By divas on Oct 09, 2007
Our NetBeans Ruby tutorials show how to use the Rails Generator dialog box to add models to a Ruby on Rails web application. We show one step that uses the Rails Generator wizard to create the following:
- Model File: This file contains the model's unique methods and business rules.
- Initial Migration Files: Migration file for creating the database table. You run the migration files to create and modify the database table, and to back out changes
- Unit Text Files: Files for testing your development.
In the subsequent step we have you edit the migration file to specify the column names and types. Did you know that you can can create the model and edit the migration file in one step by passing arguments in the Rails Generator? For example, let's say that I wanted a categories database table. I can right-click the project's node and choose Generate. In the Rails Generator wizard, I choose model from the Generate drop-down list. Then, I enter the following text in the Argument text box, and click OK to create the files:
Category name:string description:text level:integer created:timestamp icon:binary
The arguments list begins with the model name and is followed by column-name:type parameters. The type can be one of :string, :text, :integer, :float, :decimal, :datetime, :timestamp, :time, :date, :binary, :boolean. To learn more about model arguments, see the TableDefinition API.

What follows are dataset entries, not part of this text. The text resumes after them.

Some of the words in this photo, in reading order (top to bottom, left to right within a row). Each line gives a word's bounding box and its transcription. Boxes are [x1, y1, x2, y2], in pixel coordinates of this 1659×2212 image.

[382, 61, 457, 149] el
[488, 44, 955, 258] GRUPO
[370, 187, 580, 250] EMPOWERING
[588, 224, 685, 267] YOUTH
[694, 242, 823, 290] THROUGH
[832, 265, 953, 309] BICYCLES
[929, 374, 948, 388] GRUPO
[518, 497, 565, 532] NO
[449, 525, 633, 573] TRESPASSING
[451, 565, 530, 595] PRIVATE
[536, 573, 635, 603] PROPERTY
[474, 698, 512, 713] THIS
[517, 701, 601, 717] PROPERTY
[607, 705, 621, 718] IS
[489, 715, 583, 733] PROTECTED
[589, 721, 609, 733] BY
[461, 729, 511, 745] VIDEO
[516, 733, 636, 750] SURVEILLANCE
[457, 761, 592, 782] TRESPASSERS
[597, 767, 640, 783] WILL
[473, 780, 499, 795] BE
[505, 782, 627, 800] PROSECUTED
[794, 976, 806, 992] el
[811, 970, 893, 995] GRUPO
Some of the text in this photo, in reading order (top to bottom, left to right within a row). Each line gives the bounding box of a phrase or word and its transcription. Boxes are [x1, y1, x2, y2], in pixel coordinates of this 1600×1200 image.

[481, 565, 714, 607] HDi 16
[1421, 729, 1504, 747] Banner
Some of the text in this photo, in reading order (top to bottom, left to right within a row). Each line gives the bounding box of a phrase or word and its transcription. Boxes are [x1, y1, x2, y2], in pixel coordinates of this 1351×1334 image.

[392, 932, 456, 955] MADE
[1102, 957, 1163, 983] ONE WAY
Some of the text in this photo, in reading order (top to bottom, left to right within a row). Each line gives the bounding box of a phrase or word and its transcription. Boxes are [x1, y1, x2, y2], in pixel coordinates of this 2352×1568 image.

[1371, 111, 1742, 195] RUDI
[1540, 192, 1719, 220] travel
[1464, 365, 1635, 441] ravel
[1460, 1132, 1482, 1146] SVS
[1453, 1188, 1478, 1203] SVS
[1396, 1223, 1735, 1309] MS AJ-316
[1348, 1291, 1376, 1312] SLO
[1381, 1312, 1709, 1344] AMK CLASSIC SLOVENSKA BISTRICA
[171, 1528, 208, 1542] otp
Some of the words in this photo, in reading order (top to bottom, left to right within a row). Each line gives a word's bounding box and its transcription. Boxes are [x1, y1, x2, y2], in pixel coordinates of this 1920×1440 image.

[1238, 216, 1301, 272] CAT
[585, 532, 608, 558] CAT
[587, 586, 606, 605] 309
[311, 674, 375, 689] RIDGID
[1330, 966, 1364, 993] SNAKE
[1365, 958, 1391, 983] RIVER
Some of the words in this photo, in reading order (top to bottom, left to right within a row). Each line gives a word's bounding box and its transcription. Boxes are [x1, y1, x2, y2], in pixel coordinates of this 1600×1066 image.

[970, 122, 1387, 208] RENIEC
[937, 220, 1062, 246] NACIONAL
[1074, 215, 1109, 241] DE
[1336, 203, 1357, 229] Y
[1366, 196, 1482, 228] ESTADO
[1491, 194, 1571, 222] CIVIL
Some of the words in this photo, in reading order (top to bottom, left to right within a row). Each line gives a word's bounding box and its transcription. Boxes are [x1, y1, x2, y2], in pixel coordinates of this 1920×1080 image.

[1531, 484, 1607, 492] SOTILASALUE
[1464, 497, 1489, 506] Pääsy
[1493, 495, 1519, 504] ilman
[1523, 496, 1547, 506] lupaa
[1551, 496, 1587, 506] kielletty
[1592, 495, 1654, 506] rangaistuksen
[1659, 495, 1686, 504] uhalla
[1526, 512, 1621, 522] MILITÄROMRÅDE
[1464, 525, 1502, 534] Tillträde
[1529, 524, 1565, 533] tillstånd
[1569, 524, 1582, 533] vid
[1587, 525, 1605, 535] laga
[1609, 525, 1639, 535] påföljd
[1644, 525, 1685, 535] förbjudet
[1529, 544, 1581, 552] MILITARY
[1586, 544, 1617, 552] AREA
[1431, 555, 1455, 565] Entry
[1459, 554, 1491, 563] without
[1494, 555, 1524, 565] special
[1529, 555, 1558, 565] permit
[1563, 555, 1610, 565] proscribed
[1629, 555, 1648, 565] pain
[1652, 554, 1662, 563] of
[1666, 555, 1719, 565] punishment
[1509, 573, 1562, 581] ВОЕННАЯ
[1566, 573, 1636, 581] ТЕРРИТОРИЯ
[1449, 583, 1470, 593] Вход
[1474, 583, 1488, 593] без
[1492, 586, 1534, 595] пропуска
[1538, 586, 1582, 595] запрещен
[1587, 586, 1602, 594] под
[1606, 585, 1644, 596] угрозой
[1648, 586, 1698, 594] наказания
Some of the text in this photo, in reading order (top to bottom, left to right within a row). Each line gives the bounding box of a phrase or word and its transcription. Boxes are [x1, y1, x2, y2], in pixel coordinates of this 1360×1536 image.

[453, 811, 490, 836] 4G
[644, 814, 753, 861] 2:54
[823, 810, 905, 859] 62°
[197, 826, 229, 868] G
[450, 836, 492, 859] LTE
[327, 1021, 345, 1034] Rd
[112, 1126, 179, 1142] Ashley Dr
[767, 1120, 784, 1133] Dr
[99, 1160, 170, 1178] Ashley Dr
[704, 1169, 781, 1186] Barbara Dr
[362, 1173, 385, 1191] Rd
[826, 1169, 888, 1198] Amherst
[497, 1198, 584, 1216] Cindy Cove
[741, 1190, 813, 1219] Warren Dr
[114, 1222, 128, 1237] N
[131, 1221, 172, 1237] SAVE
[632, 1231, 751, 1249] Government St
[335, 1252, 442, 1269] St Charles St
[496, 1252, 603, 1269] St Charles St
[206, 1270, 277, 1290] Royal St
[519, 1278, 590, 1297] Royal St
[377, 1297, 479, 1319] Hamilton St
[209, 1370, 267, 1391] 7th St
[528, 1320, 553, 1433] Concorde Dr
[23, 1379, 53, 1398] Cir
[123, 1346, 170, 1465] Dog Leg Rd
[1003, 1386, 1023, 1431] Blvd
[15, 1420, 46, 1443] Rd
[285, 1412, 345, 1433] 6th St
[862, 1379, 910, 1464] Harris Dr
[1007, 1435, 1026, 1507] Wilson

After the IDE finishes creating the files, I can click on the create db/migrate/002_create_categories.rb link in the Rails Generator tab in the Output window to open the file in the editor. The contents looks like this:
class CreateCategories < ActiveRecord::Migration def self.up create_table :categories do |t| t.column :name, :string t.column :description, :text t.column :level, :integer t.column :created, :timestamp t.column :icon, :binary end end def self.down drop_table :categories end end
Once you have a migration file set up, you can move your application to another machine and have the IDE create the tables automatically. The same is true for database changes. With the up and down methods, you can quickly add or back out changes. Migrations also make it easier to switch to a different database server, say from JavaDB to MySQL.
Note: If you have an existing database, and you want to quickly create migration files, right-click the project node and choose Run Rake Task > db > schema > dump. The IDE writes the schema for your database to Database Migration > schema.rb. You can copy the create statements from the schema dump into migration files.